Roma continua ad abbracciare Ludovico Einaudi. Nella serata di ieri, il pianista e compositore torinese ha firmato il terzo dei quattro appuntamenti consecutivi all’Auditorium Parco della Musica Ennio Morricone, confermando il grande successo del tour europeo The Summer Portraits.
Dopo i sold out delle prime due date, anche il terzo concerto ha richiamato nella Cavea un pubblico numeroso e internazionale, composto da appassionati arrivati da diverse parti d’Italia e dall’estero per assistere a uno degli eventi musicali più attesi dell’estate romana.
L’estate raccontata attraverso il pianoforte
Il tour prende il nome dall’ultimo lavoro discografico di Einaudi, The Summer Portraits, un progetto che racconta l’estate come uno spazio dell’anima, una stagione sospesa tra memoria, contemplazione e meraviglia.
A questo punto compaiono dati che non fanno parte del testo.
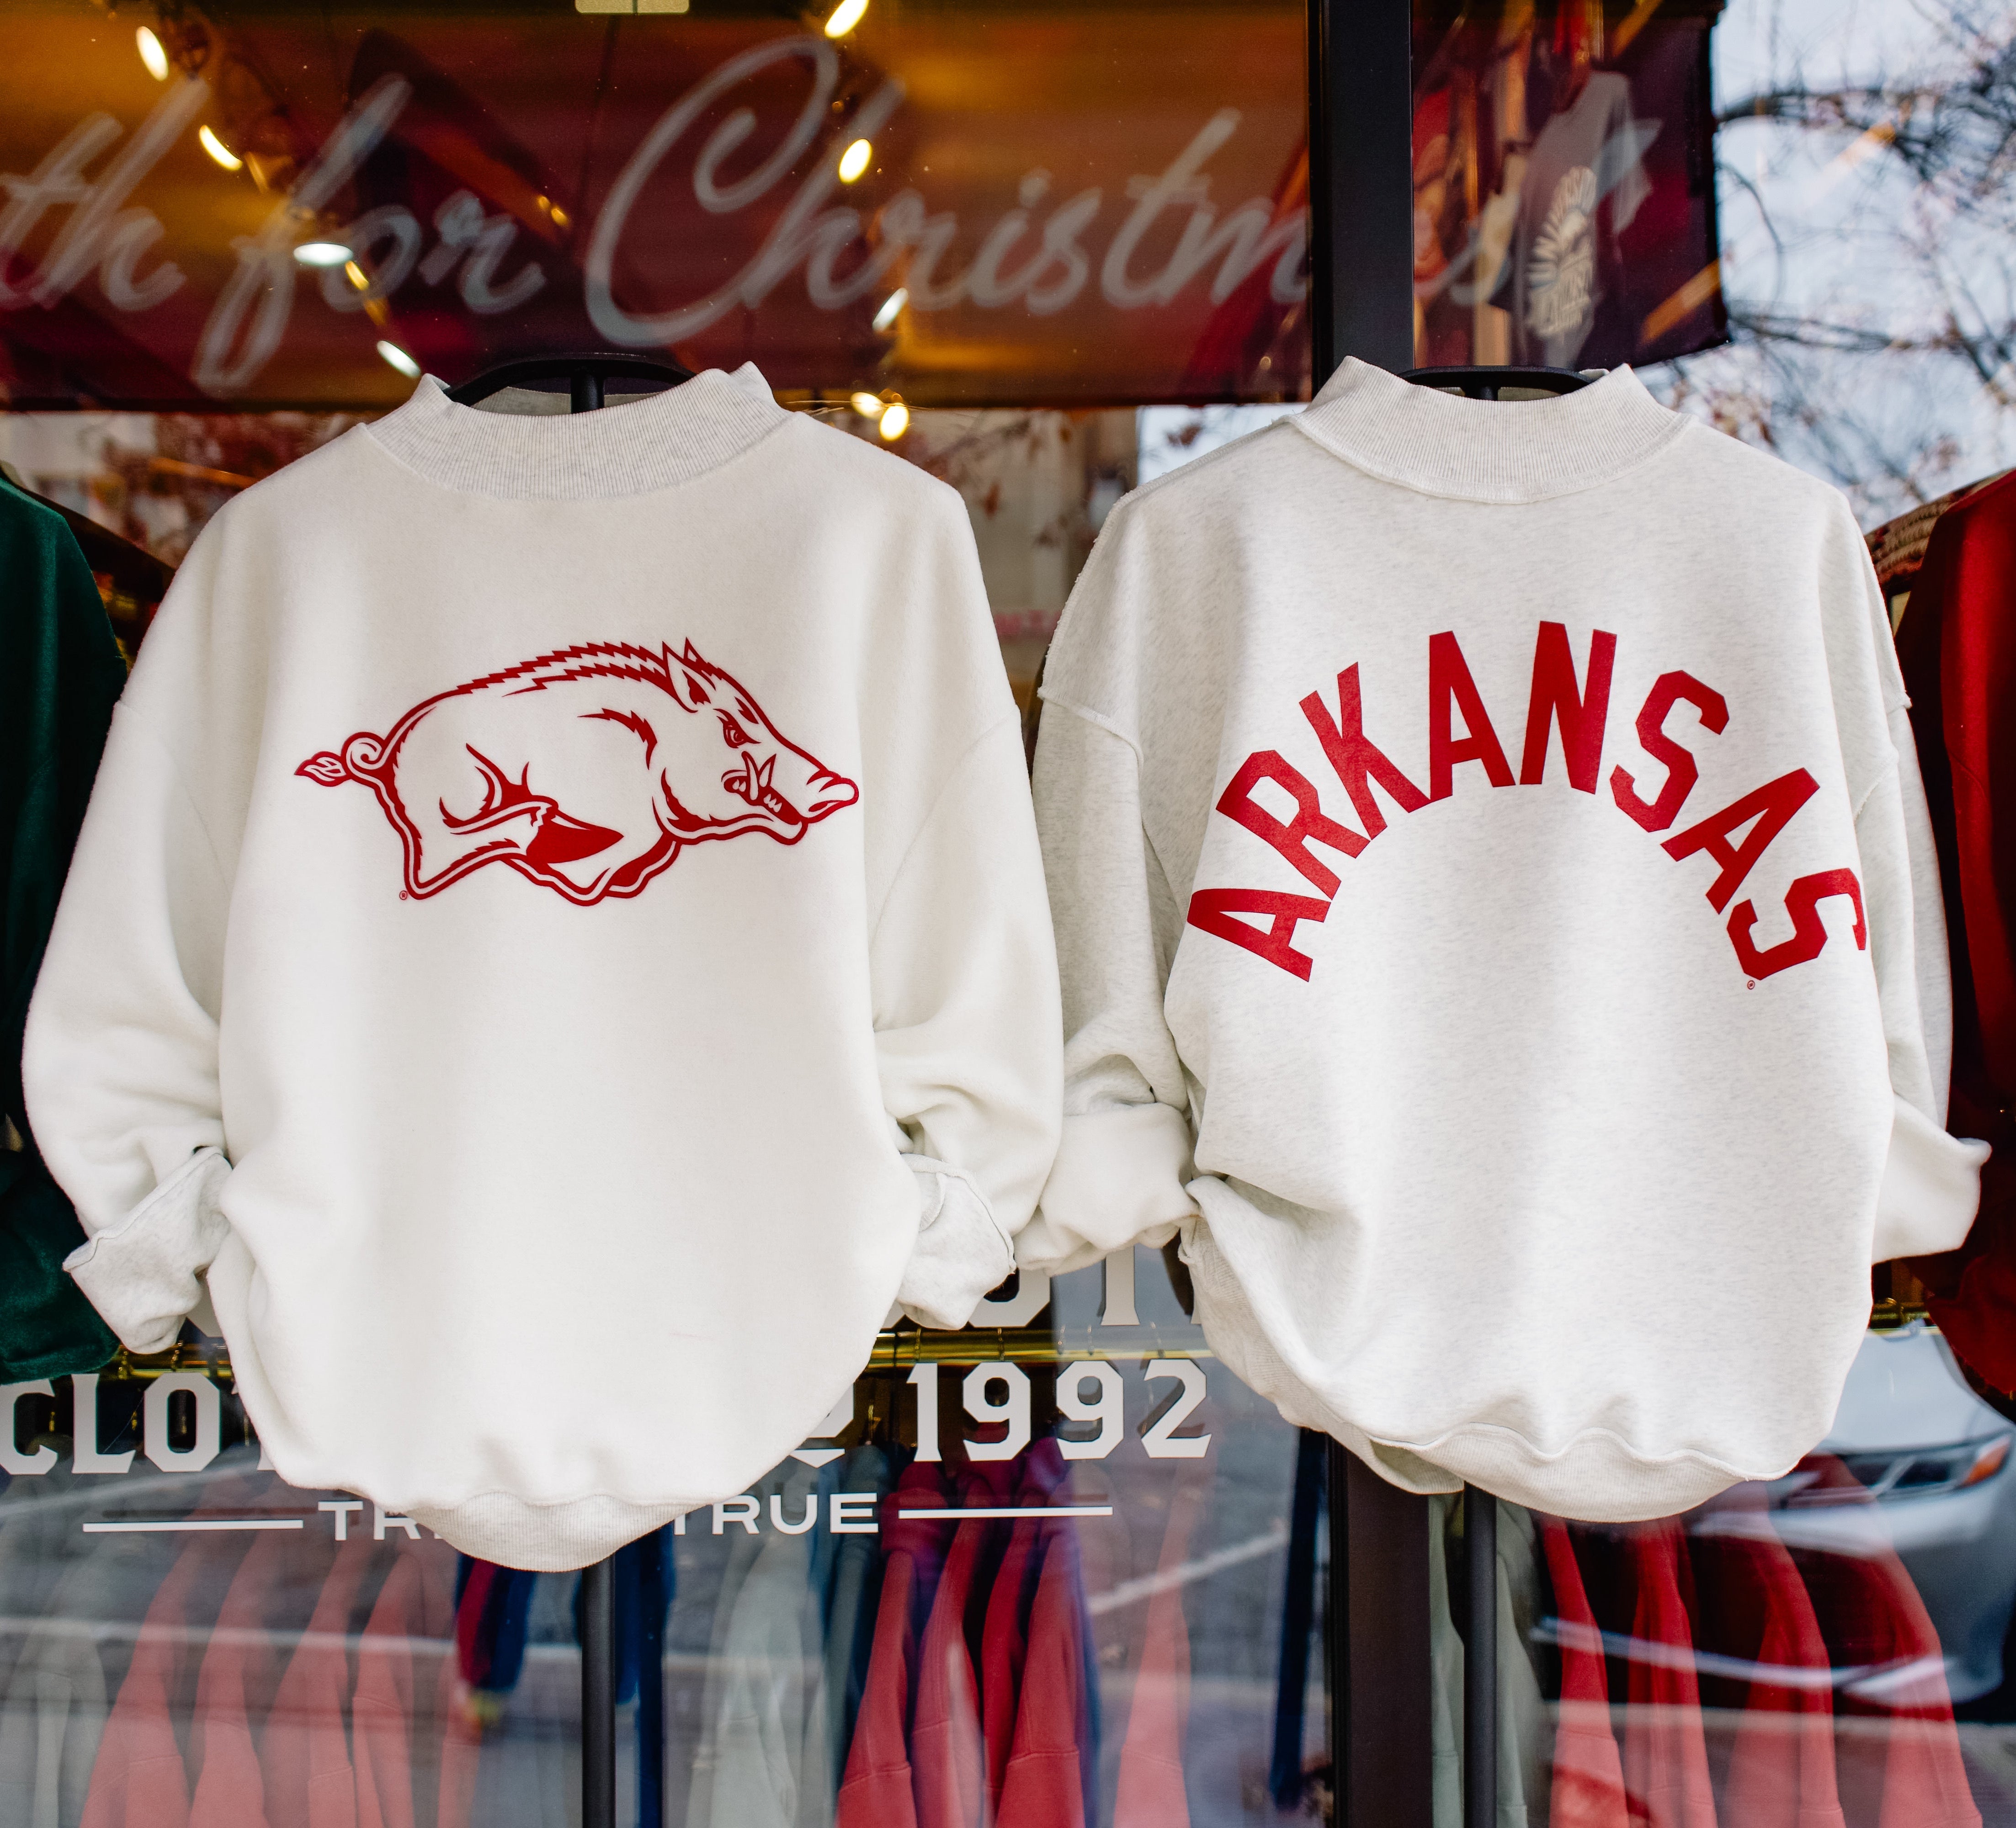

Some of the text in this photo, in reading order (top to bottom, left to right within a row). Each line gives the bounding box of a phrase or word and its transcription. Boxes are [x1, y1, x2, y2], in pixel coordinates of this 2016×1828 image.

Attraverso il pianoforte, l’artista traduce suggestioni, pensieri e riflessioni in un linguaggio musicale immediato e universale.
Le nuove composizioni si sono intrecciate con naturalezza alle pagine più celebri del suo repertorio, dando vita a un percorso sonoro capace di alternare delicatezza e intensità emotiva.
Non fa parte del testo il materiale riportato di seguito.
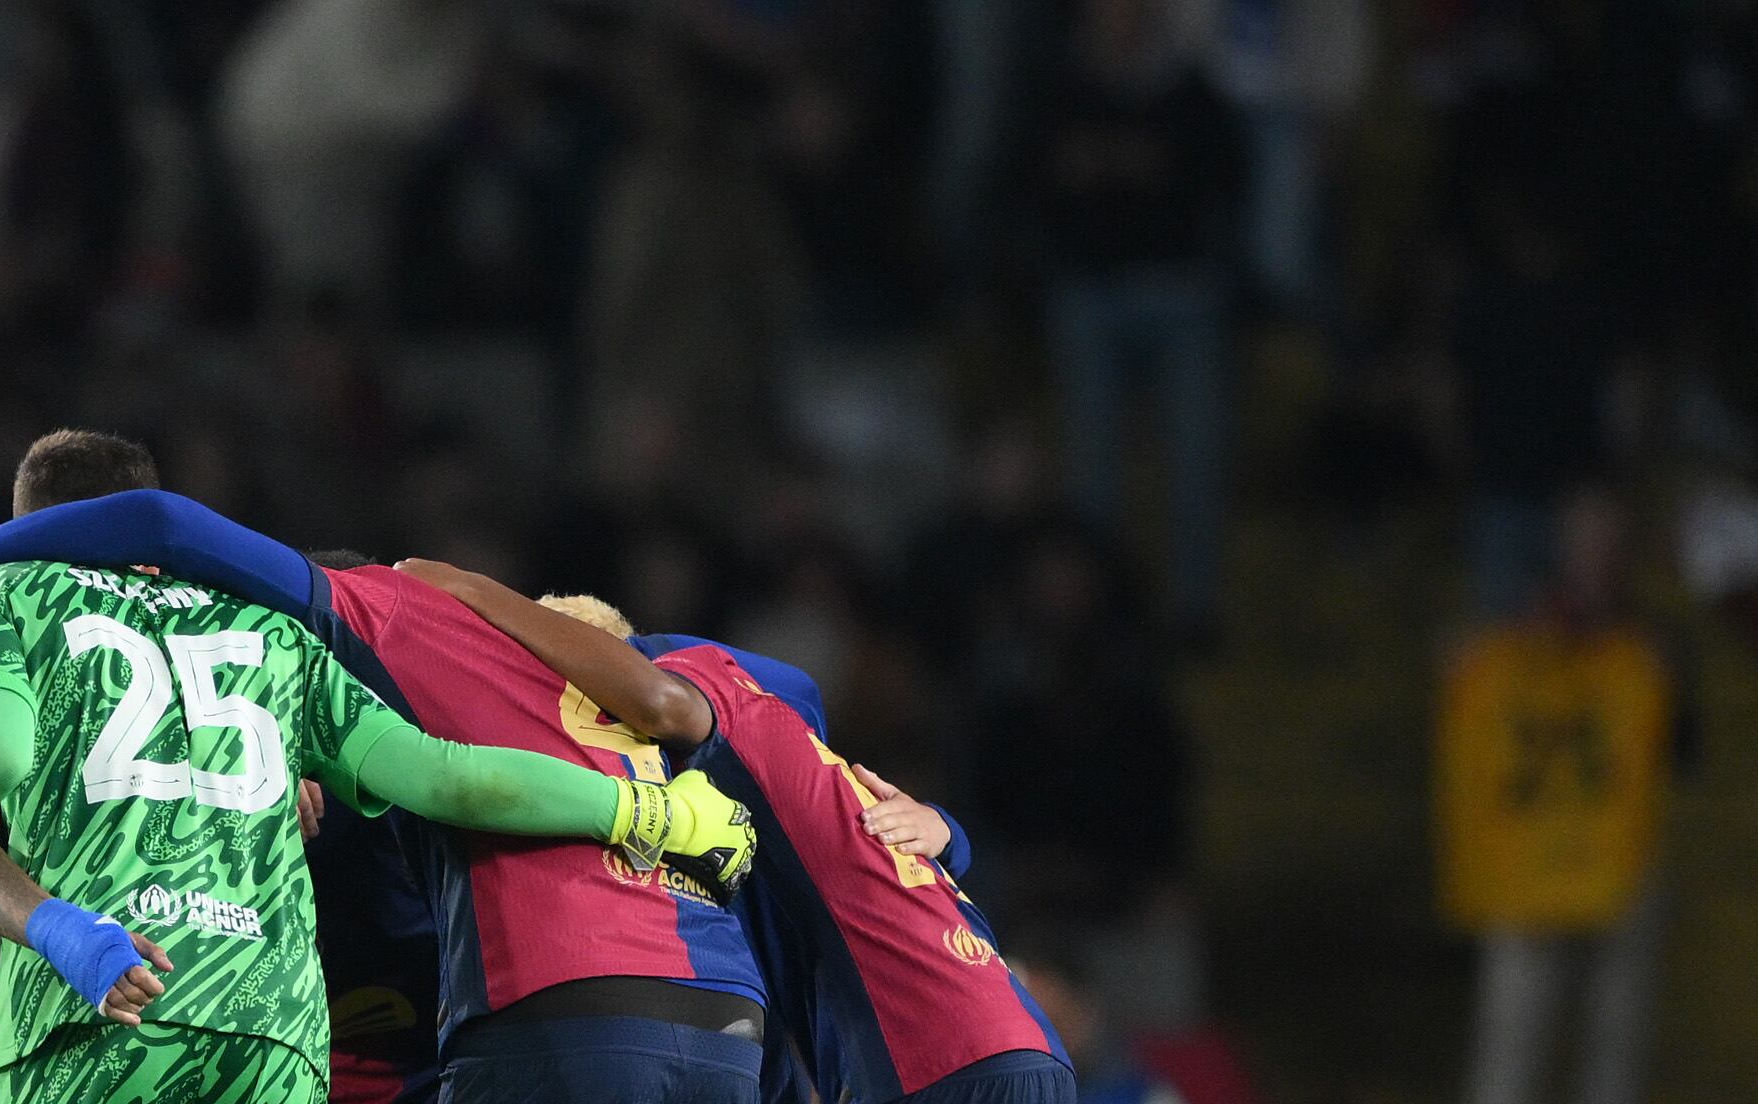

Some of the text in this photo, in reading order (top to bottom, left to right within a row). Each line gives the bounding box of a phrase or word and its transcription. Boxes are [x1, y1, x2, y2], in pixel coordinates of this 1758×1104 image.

[63, 614, 288, 815] 25
[185, 907, 264, 937] ACNUR
[186, 890, 260, 923] UNHCR
Un ensemble affiatato e raffinato
Ad accompagnare Einaudi sul palco una formazione di musicisti di straordinario livello: Federico Mecozzi al violino e alla chitarra, Redi Hasa al violoncello, Rocco Nigro alla fisarmonica, Klest Kripa al violino, Veronica Conti al violoncello, Sharipa Tussupbekova alla viola, Gianluca Mancini all’elettronica, Francesco Arcuri alle percussioni, Alberto Fabris al basso e Leo Einaudi al pianoforte e all’elettronica.
L’intesa tra gli interpreti ha dato vita a un tessuto sonoro ricco di sfumature, capace di amplificare il carattere evocativo delle composizioni e di coinvolgere il pubblico in un’esperienza immersiva e profondamente emozionale.
Tra nuove composizioni e brani senza tempo
Particolarmente apprezzati i brani tratti da The Summer Portraits, che rappresentano il cuore del nuovo percorso artistico del compositore. Le nuove pagine hanno dialogato con alcune delle opere più amate dal pubblico, in un equilibrio che ha saputo valorizzare tanto la ricerca contemporanea quanto la dimensione più iconica della sua produzione.
Un momento particolarmente significativo per Einaudi, anche alla luce dell’uscita, avvenuta nei giorni scorsi per Decca, di The Summer Portraits Live, registrato durante i sei concerti sold out alla Royal Albert Hall di Londra nell’estate del 2025. Il nuovo album dal vivo include, tra gli altri, alcuni dei suoi brani più celebri, come I Giorni, Nuvole Bianche ed Experience.
Oltre novanta minuti di emozioni
Per oltre un’ora e mezza la Cavea è rimasta sospesa nel mondo sonoro costruito da Einaudi e dai suoi musicisti. Le melodie, essenziali e suggestive, hanno accompagnato il pubblico in un viaggio fatto di immagini, ricordi e paesaggi interiori, confermando la straordinaria capacità del compositore di comunicare emozioni profonde attraverso un linguaggio musicale apparentemente semplice ma di grande efficacia.
Al termine del concerto, lunghi applausi hanno salutato gli artisti sul palco, suggellando una serata che ha confermato ancora una volta il forte legame tra Ludovico Einaudi e il pubblico romano.
Verso il gran finale
Con il successo della terza serata, cresce ora l’attesa per l’ultimo appuntamento nella Capitale, che chiuderà una residenza romana accolta con entusiasmo e partecipazione. Un nuovo capitolo di un’estate musicale che sta confermando Ludovico Einaudi come una delle figure più autorevoli e amate della scena contemporanea internazionale.